At a time when covid banished canoodling and normal socializing, watching movies allowed the dancers to zero in on how people behave in group settings, said Catherine Kirk, a 13-year veteran of A.I.M.

“It gave us time to really go deep,” she said. “To look at who we were, and say, ‘Hey, we’ve seen enough of this representation.’ To make sure we’re not being a trope. Or, ‘Hey, I’ve been walking like this, but maybe I can try this instead.’ People took agency to play with their own characters.

“I was battling with, from the jump, making sure I don’t follow this over-representation of a strong Black woman who’s hard and guarded,” added Kirk, who plays a woman who’s good at giving love but isn’t sure about receiving it. She said she took inspiration from the rom-coms, “seeing images of Black joy, and living and thriving in your community, and how that can soften someone.”

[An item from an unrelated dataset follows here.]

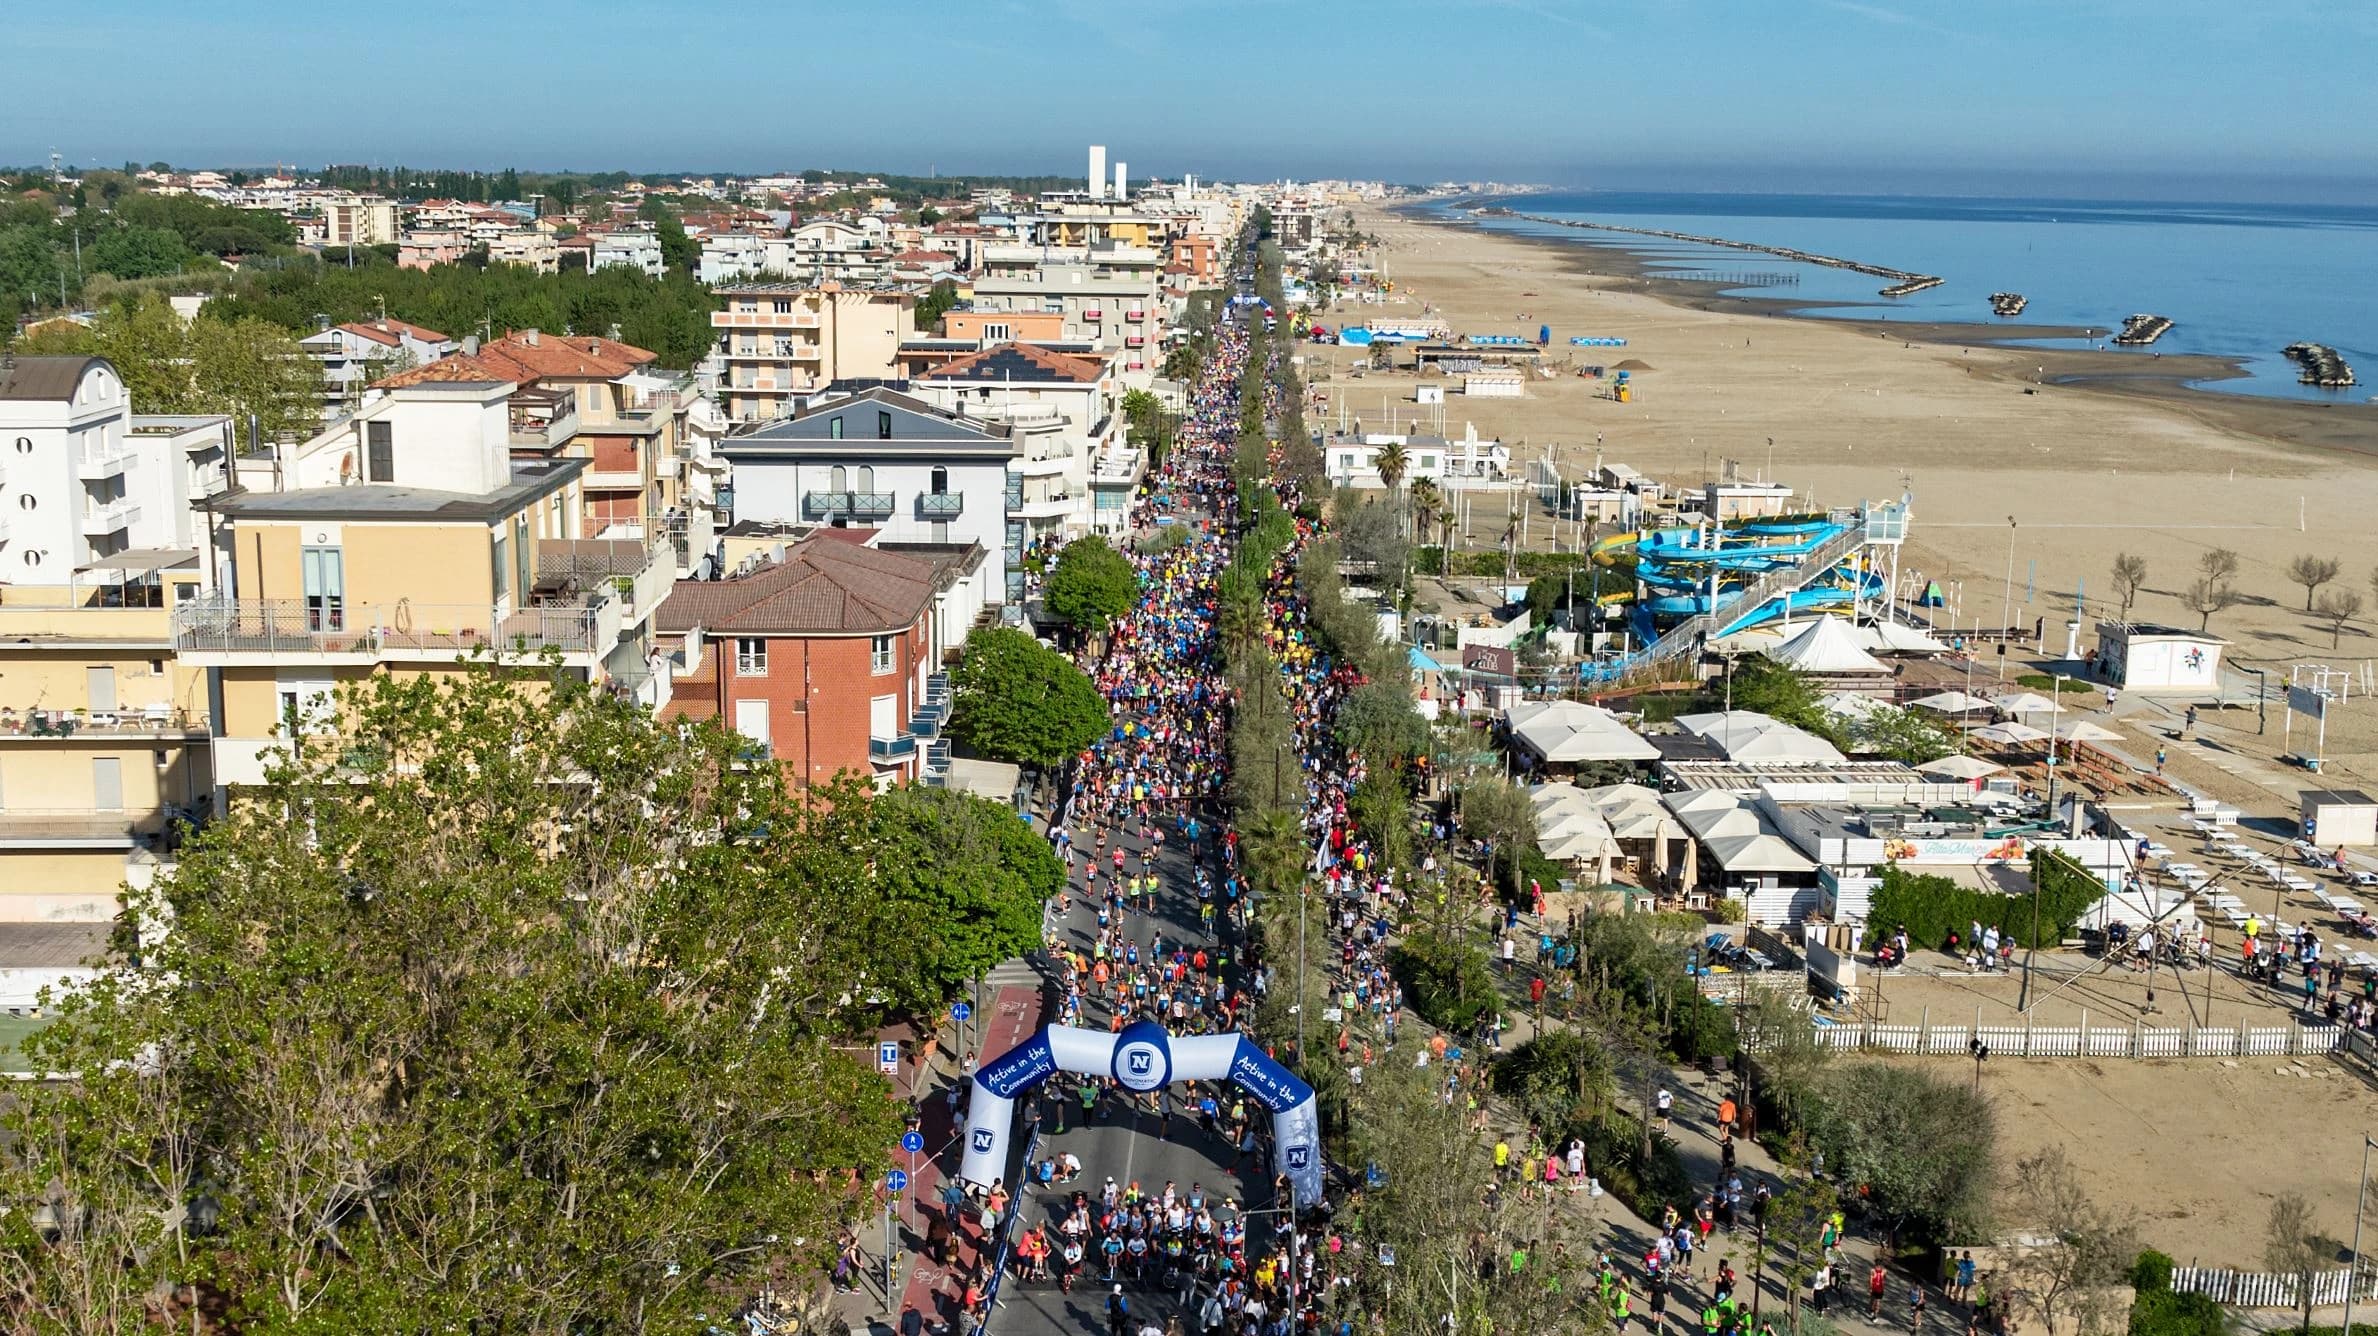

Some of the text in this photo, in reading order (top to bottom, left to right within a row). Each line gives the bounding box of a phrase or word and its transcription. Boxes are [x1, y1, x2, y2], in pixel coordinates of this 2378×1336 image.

But the stage isn’t the only place for socializing. At certain venues, Abraham has designed events he calls “activations” — separate from the show — where the public can play card games with the choreographer. He wants to get people of different ages together to talk and enjoy themselves, particularly older generations.

“It serves the work, and it’s also underrated,” Abraham said. “Going to our elders for storytelling, reminding them they’re important to us.”

Such simple pleasures are on Abraham’s mind these days as he juggles outside requests and travel with his company. Increasingly, ballet companies have joined modern-dance groups in commissioning works from him. The Royal Ballet unveiled a premiere last month, and he’s creating another piece for the New York City Ballet in the fall. A.I.M. has a robust touring season ahead. Abraham said that — for a change — he’s thinking beyond dance.

“I’m trying, for the first time, to think about me,” he said. “So much of what I’ve done in making dances is, I was so focused on everyone else’s joy and needs, and I wasn’t thinking about my own. That has to be more at the center.”

What will that look like? Abraham laughed.

“I don’t know. Maybe just playing board games with friends,” he said, “and card games.”